Hence a scene change can be identified by detecting a step function in the hamming distance between the perceptual hashes of the current and N earlier image frames, where N is 2 or more (i.e. to capture a scene change at time t-1). Longer values of N given greater certainty of a scene change, up to a value of N where the scene change was long enough ago that changes in the current scene have accumulated to the point that hashes from the start of the current scene and now similarly approach a hamming distance of 50%-hence for example in the entirely exemplary scenario shown in FIGS. 2A-C, once the current scene is 6 frames old, it cannot be distinguished from a cut (compare in FIG. 2C for example the hamming distance represented by the dotted line corresponding to the old scene from FIG. 2A with the values from a scene prior to the cut represented by the solid line).
This upper bound for N may be determined empirically, or alternatively a value of N that encompasses the transitory events of the content as exemplified by FIG. 2B may be used instead. Hence for example if a typical explosion is determined to last 10 frames +/−2 frames, then optionally a value of N=15 may be used.
Finally, it will be noted that when the ‘explosion’ frame in FIG. 2B is the current frame, then all the preceding frames look quite different, and this could be mistaken for a scene cut; this is illustrated in FIG. 2D (here the explosion in frame t makes all the earlier frames in the scene look different, although there is still some correlation). Hence again it may be preferable for the value of N to encompass the transitory events of the content as exemplified by FIG. 2B, so that the current frame and preferably two or more older frames are on either side of the transitory event.

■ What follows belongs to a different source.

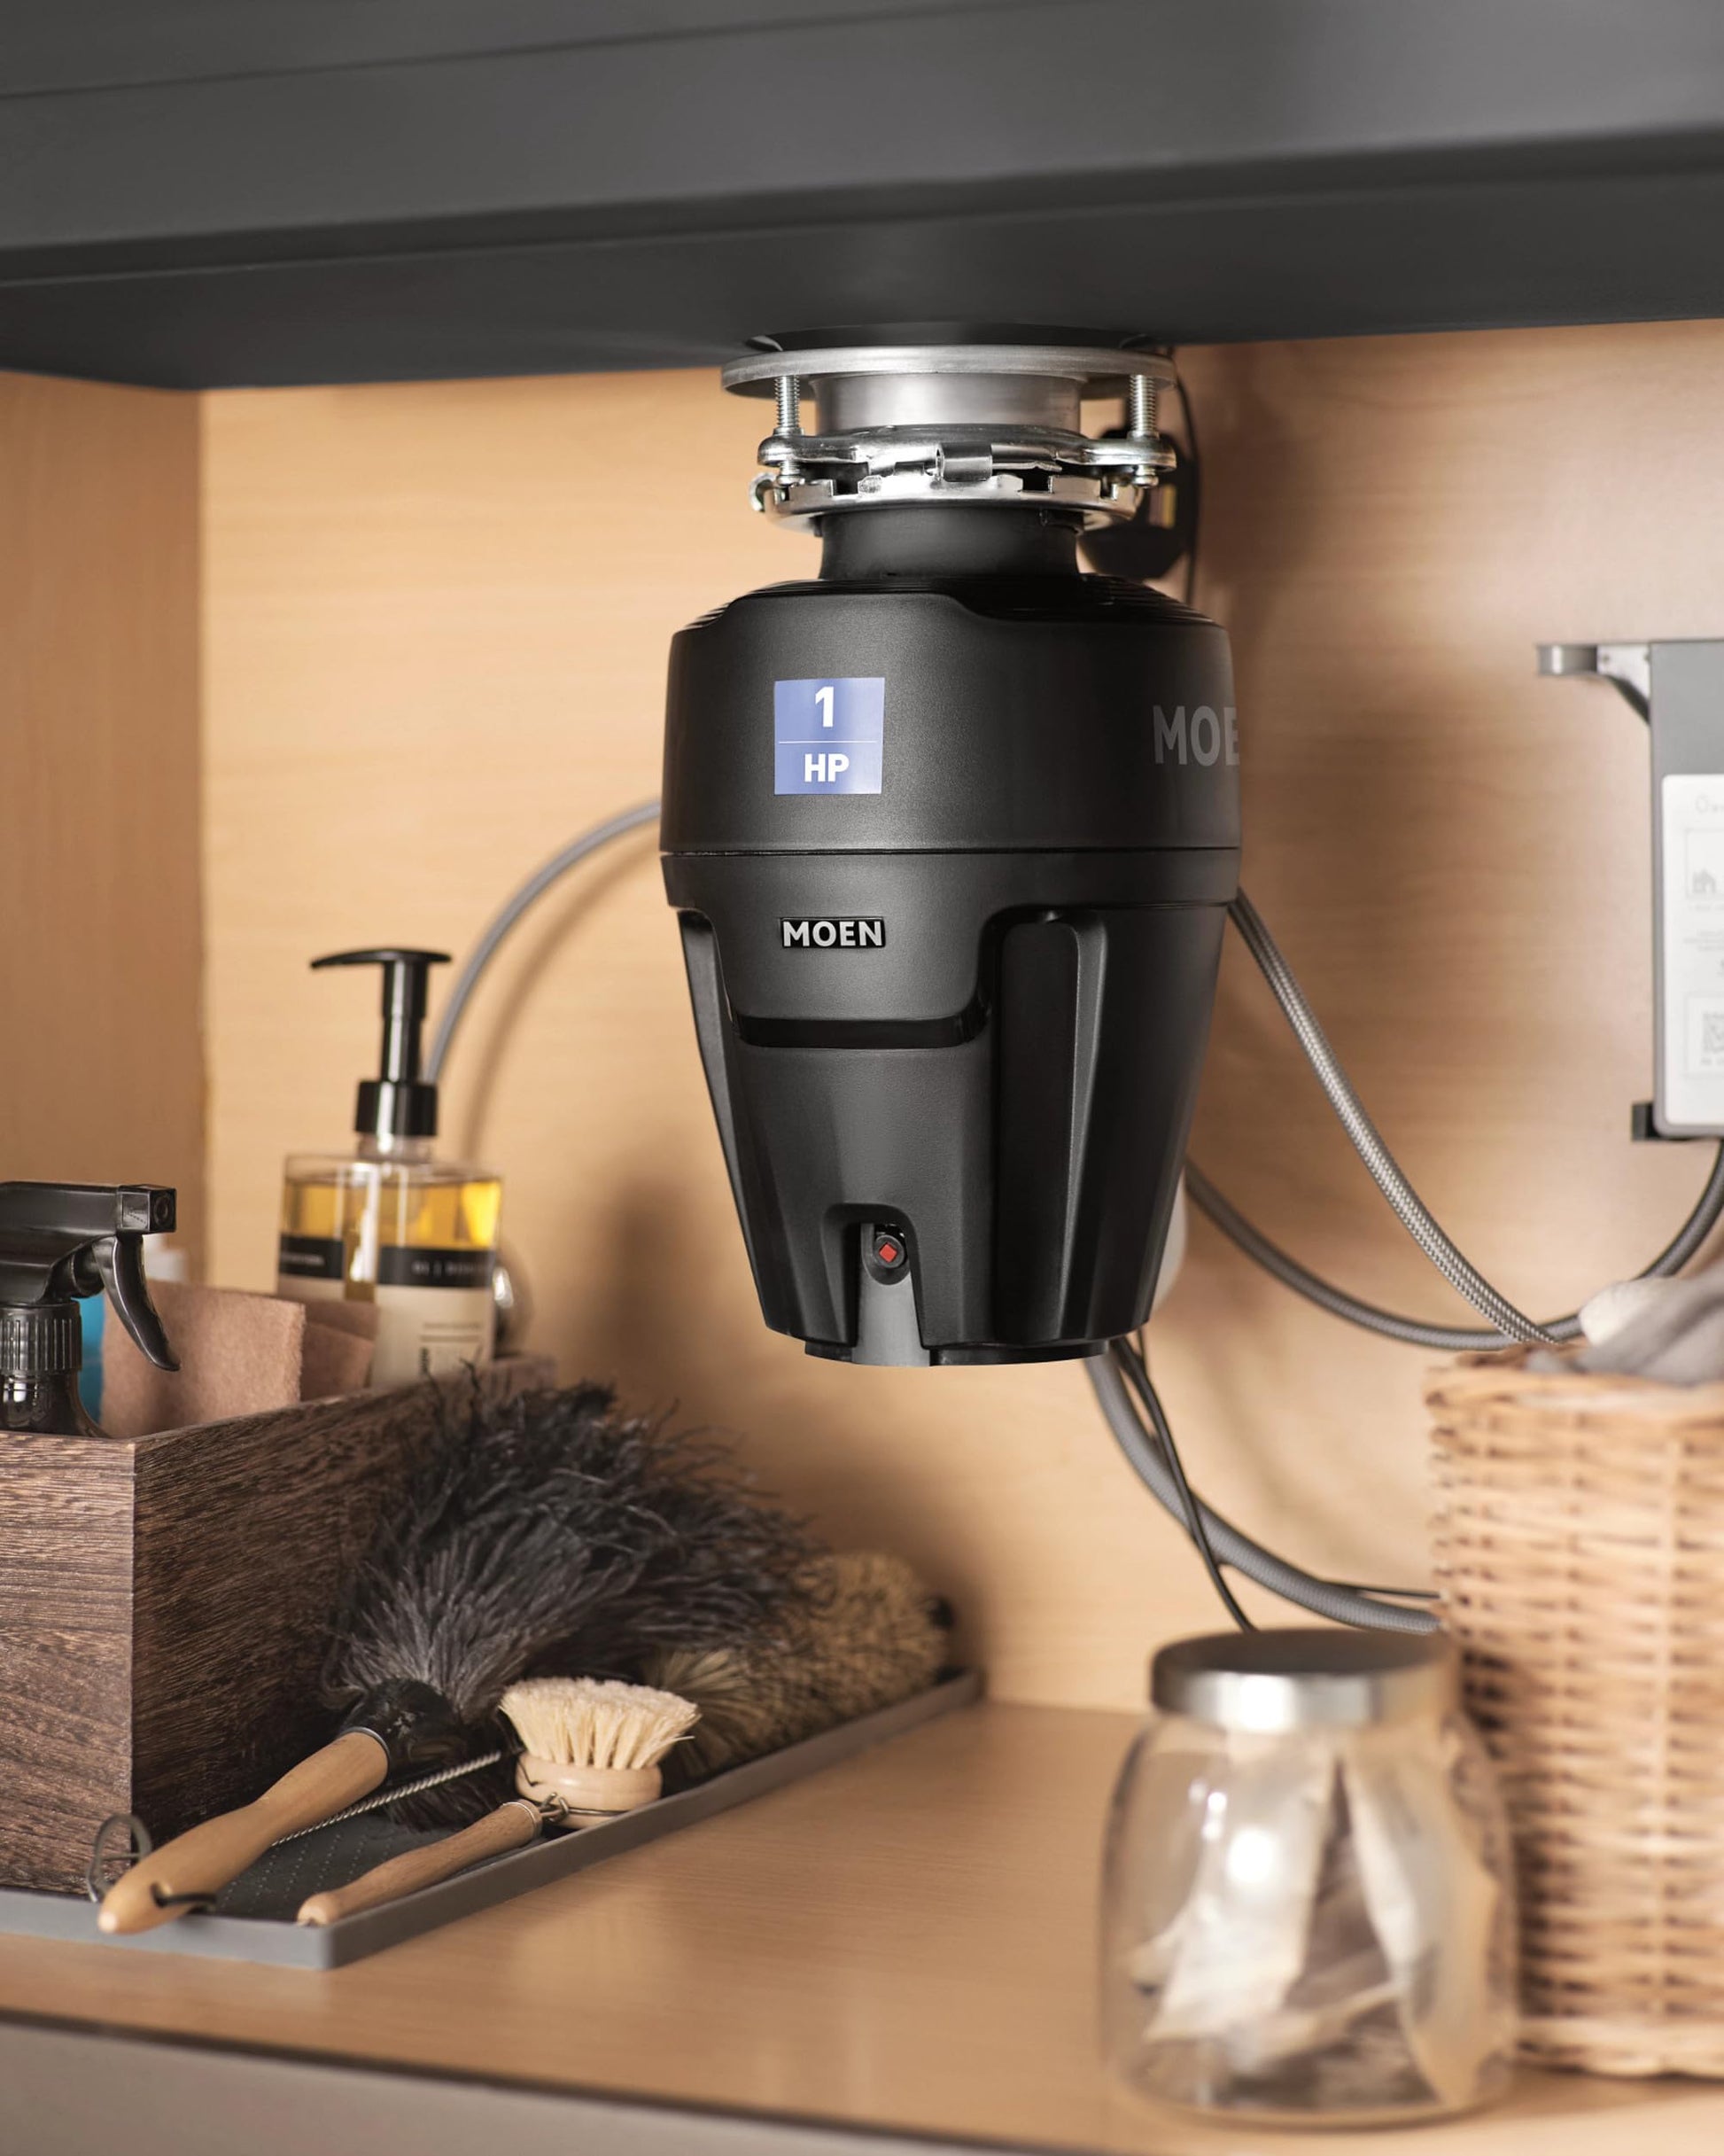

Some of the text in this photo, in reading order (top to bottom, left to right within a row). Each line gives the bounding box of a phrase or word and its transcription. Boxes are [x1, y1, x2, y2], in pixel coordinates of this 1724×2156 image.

[815, 686, 835, 728] 1
[804, 753, 850, 782] HP
[782, 921, 883, 947] MOEN
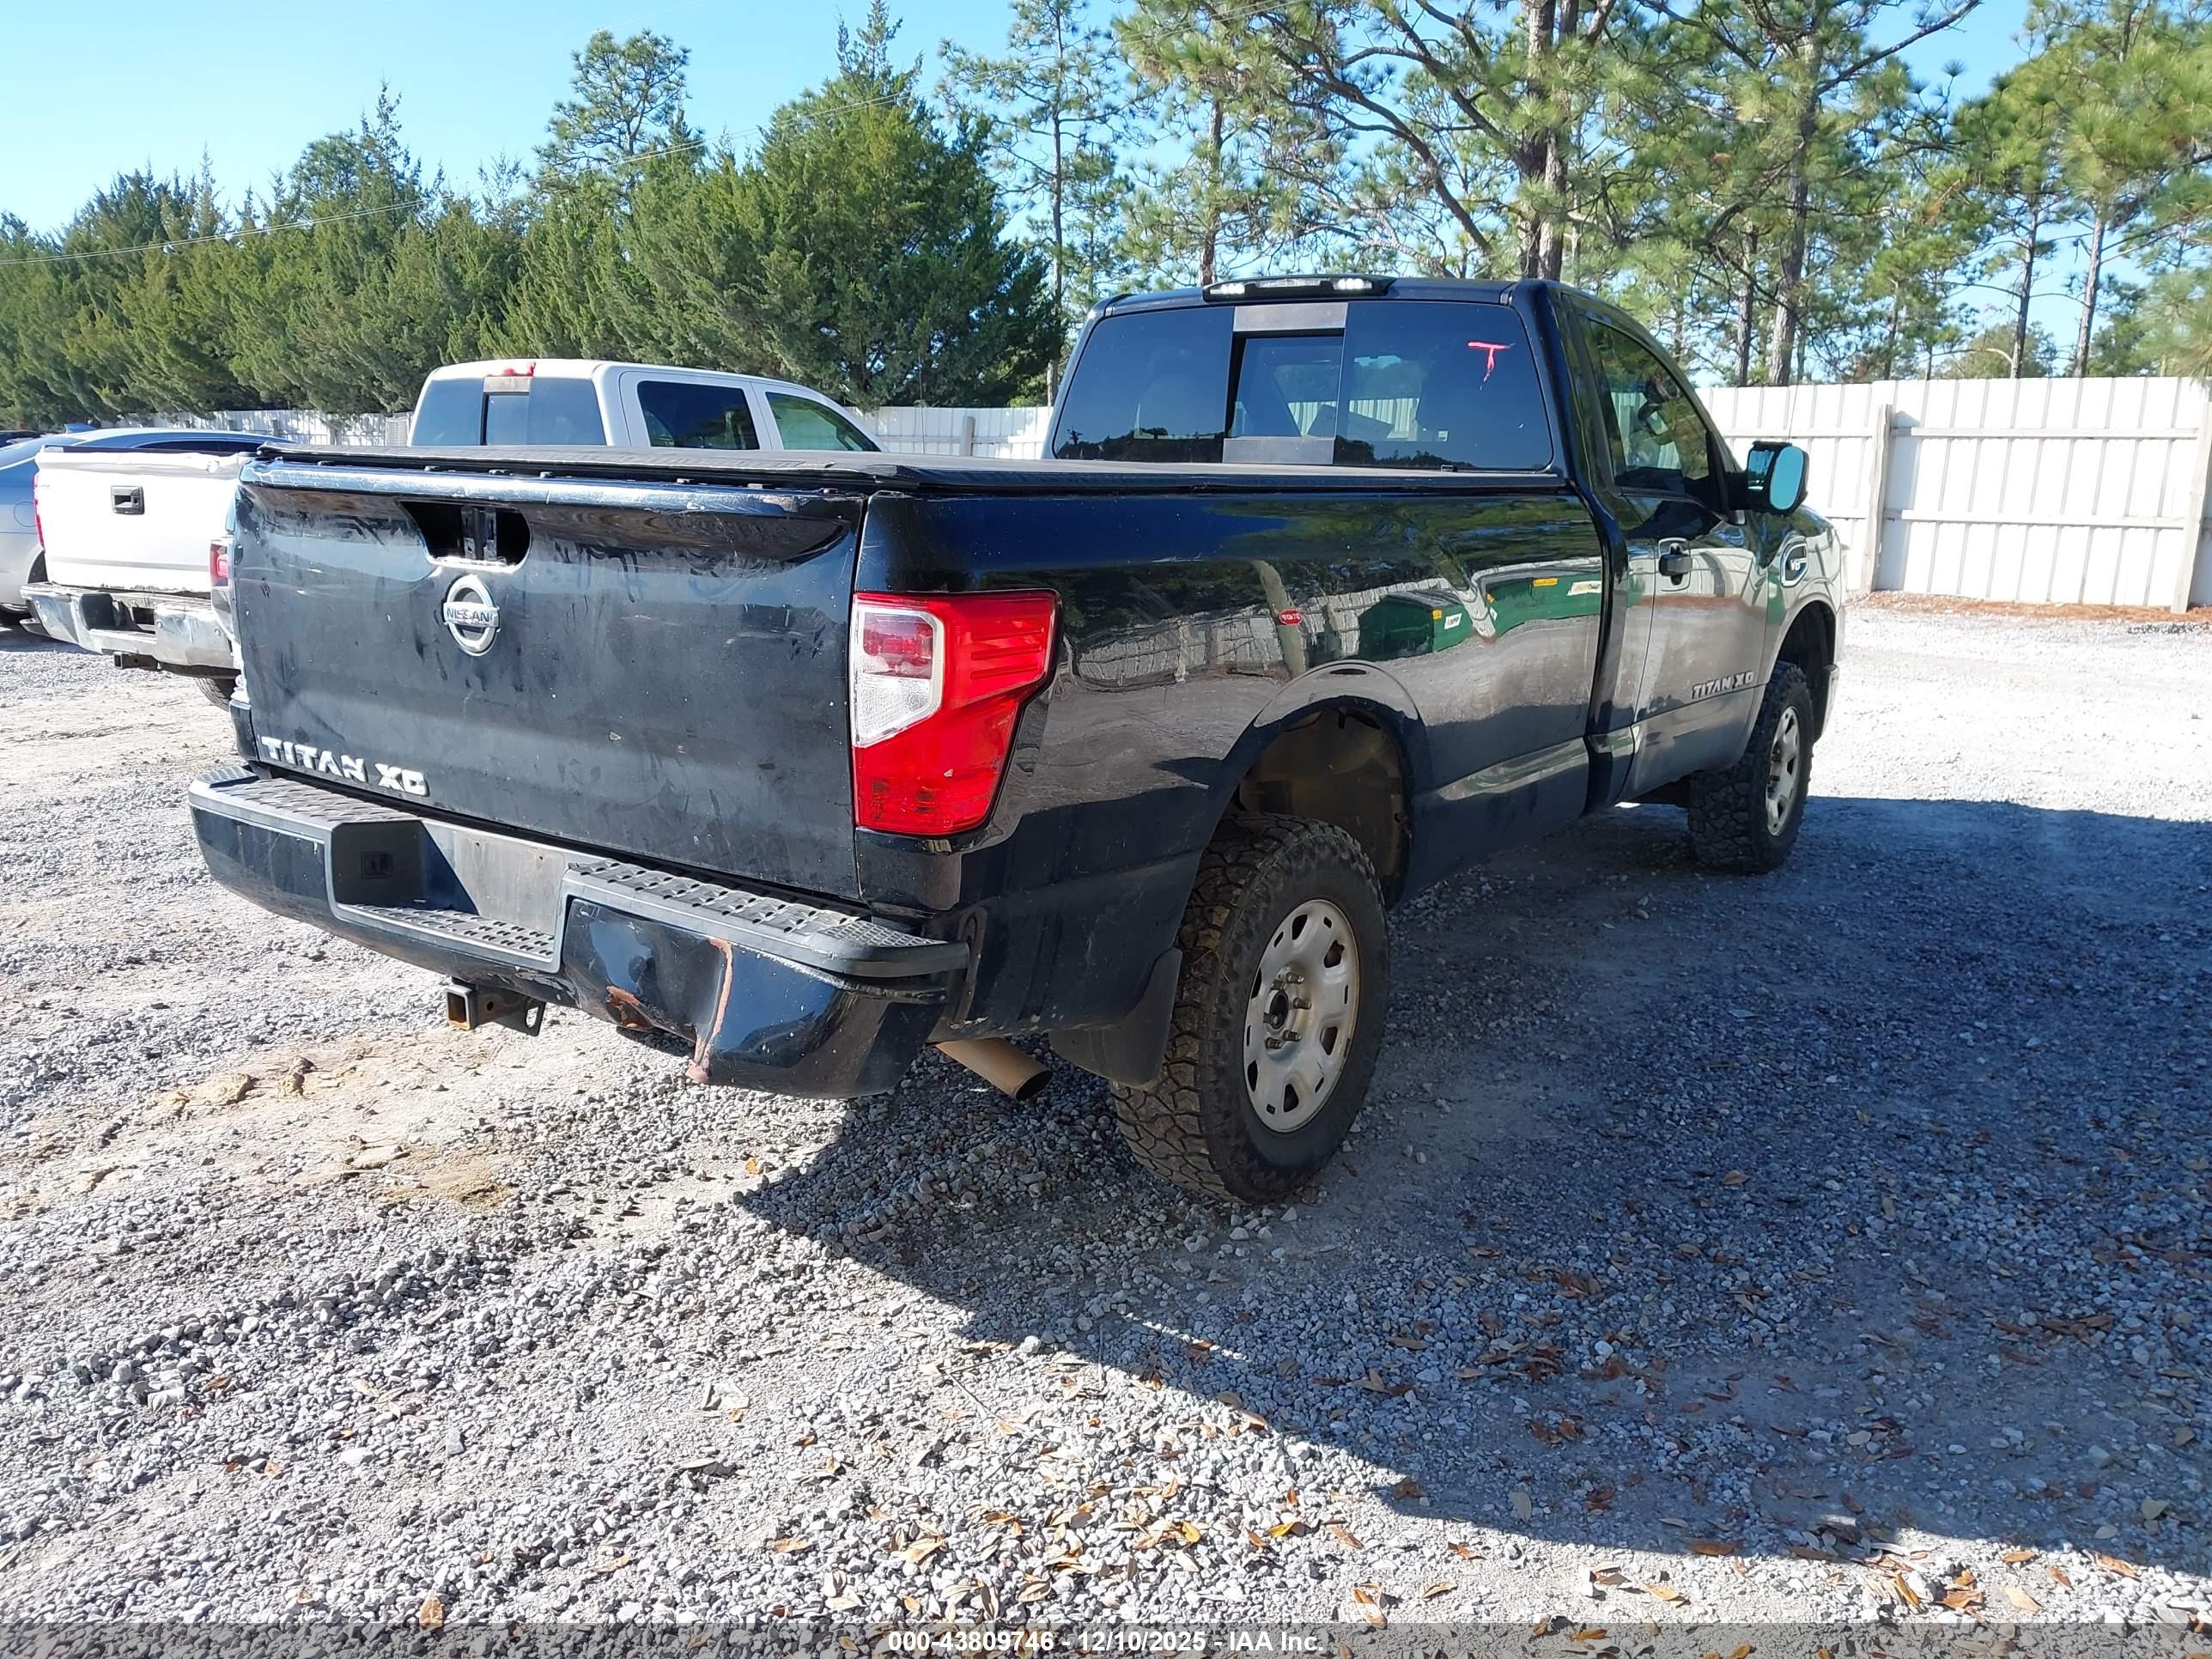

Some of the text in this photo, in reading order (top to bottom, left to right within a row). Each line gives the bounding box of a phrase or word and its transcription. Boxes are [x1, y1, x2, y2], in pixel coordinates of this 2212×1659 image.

Alternatively or in addition, optionally the scene boundary represented by the step function should only be identified at a frame M or earlier (e.g. at least t-2 or earlier) as this excludes an apparent boundary caused by a current frame being a transitory event, and requires at least the preceding frames t-1 to also differ from t-2 (or more generally for the frame t-(M-1) to differ from frame t-M).
Alternatively or in addition, the scene boundary may require a sufficient difference relative to the differences for the N or M neighbouring frames; in other words, the threshold difference between images may itself be relative to the differences (e.g. an average of the differences) between other neighbouring image pairs, optionally as well as subject to a minimum absolute difference threshold based on a predetermined value or a longer term average inter-image difference. In this way the detection can calibrate itself the kinetic nature of the game or the current scene. Optionally the differences between frames can also be analysed for a change in the hash difference pattern (or whatever image or image abstraction is being used for comparison purposes); for a kinetic but continuously evolving scene, the differences in hash values (e.g. as a 2D array) are likely to look similar because the hash values will look similar; the differences will relate to the evolving changes and hence tend to be similar or neighbour the differences in the preceding comparison. By contrast a true scene change will tend to be uncorrelated between successive images, and so the successive hash values will also be uncorrelated and hence have a higher ratio of different or non-adjacent 0s and 1s. Hence a second-order comparison of hash differences can also be used to detect the nature of the difference in hash values, as an optional further indicator of a scene cut.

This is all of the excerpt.